GlaxoSmithKline
本文へジャンプ
企業情報 製品情報  
ホーム お問い合せ サイトマップ  
検索
   
一般・患者の方 医療関係者 報道関係者 就職希望者
ホーム  >  報道関係のみなさま  >  プレスリリース  >  2004年1月〜6月
 
プレスリリース

喘息管理が充分に行き届いていない事実が明らかに
専門医は喘息コントロールの評価の新しい指標を要求
世界喘息会議発表レポートより

2004-03-11

  タイのバンコクにて開催された世界喘息会議(The World Asthma Meeting)においてGlobal Initiative for Asthma(以下、GINA)が発表した報告書によると、喘息の治療に成功していない患者が、これまで考えられていたより以上に多いことが明らかとなりました。

このThe Global Burden of Asthmaという調査の結果報告によると、喘息管理の傾向では、依然として発作の予防よりも急性の症状に対する治療に重点が置かれており、全体的に症状の程度とその軽減についての認識に大きな誤りがあるとしています。またこの報告では、喘息は、罹患率/医療費/死亡率といった問題の重要な原因として認識されるべきであり、今や全世界で3億人もの人々に影響を与えている喘息の患者数が、説明のつかないまま継続的に増加しているという事実が強調されています。

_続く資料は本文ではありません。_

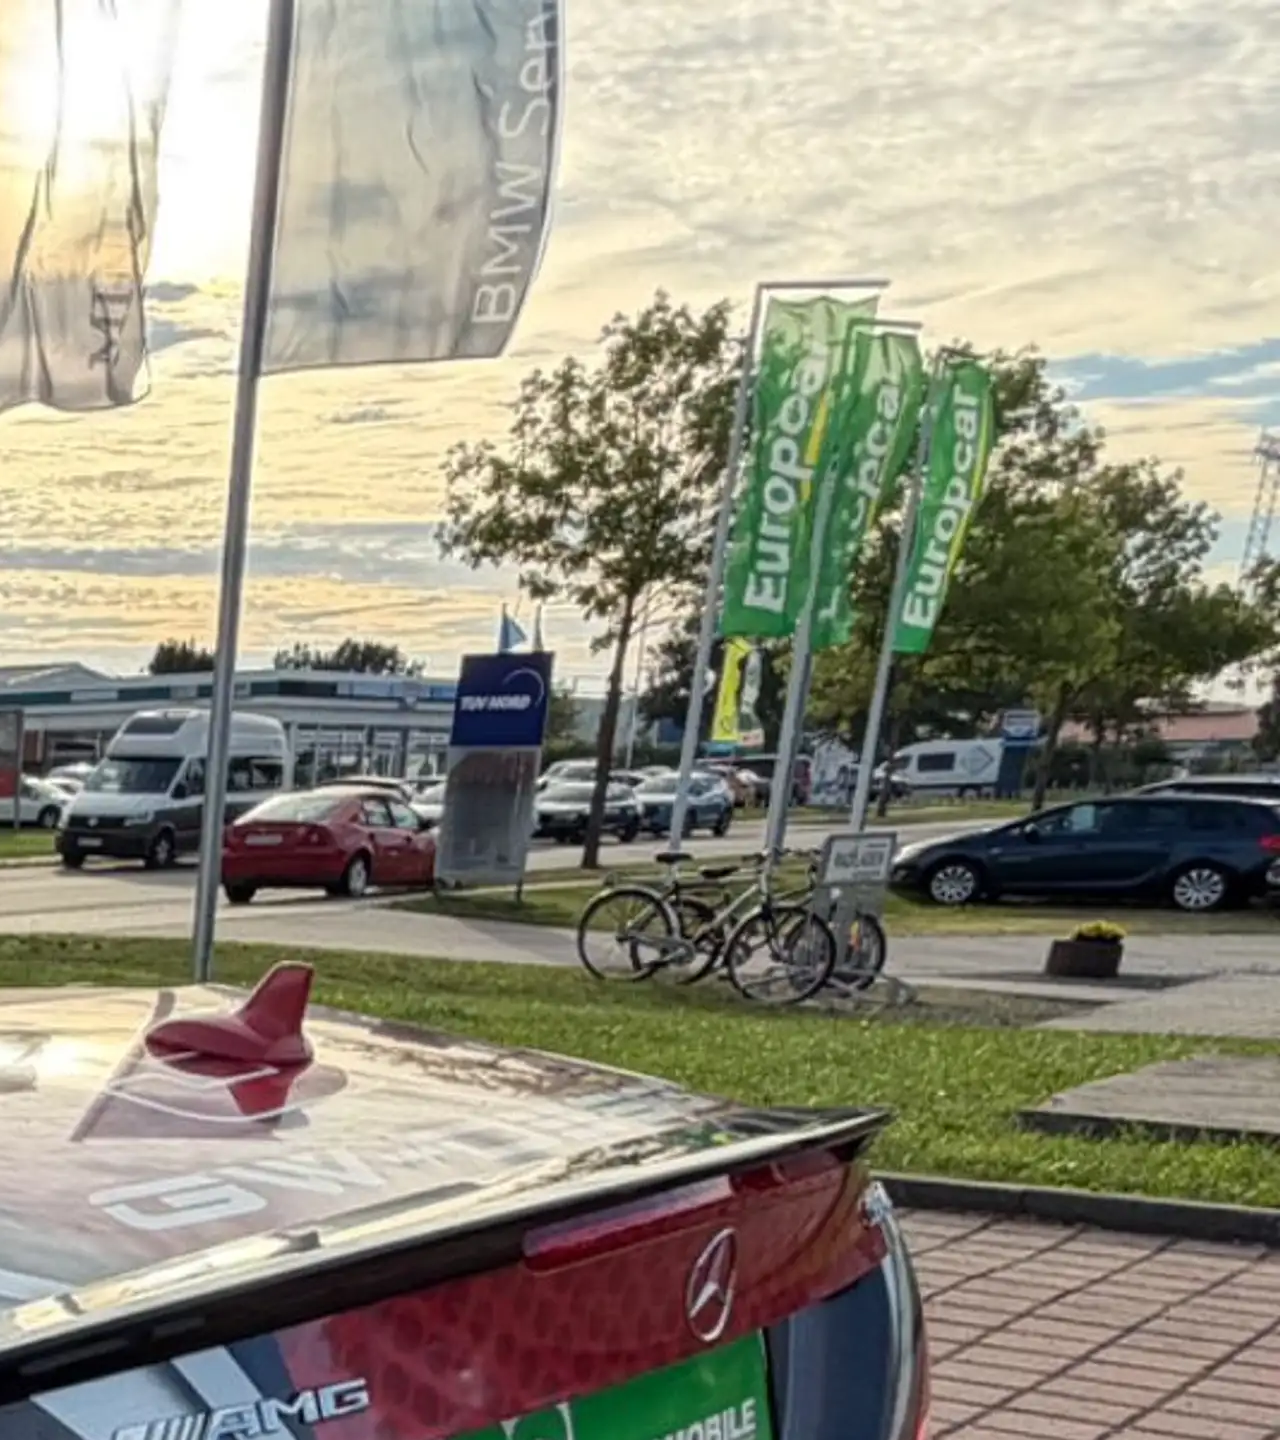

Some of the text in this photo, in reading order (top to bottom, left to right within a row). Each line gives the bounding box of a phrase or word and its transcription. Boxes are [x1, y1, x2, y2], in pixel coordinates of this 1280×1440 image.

[471, 161, 540, 323] BMW
[743, 341, 829, 613] Europcar
[902, 383, 980, 630] Europcar

喘息による死亡率は国によって異なりますが(フィンランドでは10万人につき1.6人、中国においては10万人につき36.7人)、世界中で起こる死亡の内250人に1人は、喘息が原因であると報告されています。日本における喘息患者数は増加する傾向にあり、喘息死亡者数は年々減少してきているものの年間およそ4,000人と先進国の中でも比較的高い数値となっています。2000年に行われた日本における喘息患者実態調査(AIRJ)の報告によると、喘息患者の過去1ヶ月間の喘息症状発生率は日中で50%、夜間で40%と高いことがわかりました。また、過去1年に喘息のために職場および学校を休んだのは、成人患者の30%、小児の53%でした。また、成人の36%および小児の58%は、予定外の通院を経験しています。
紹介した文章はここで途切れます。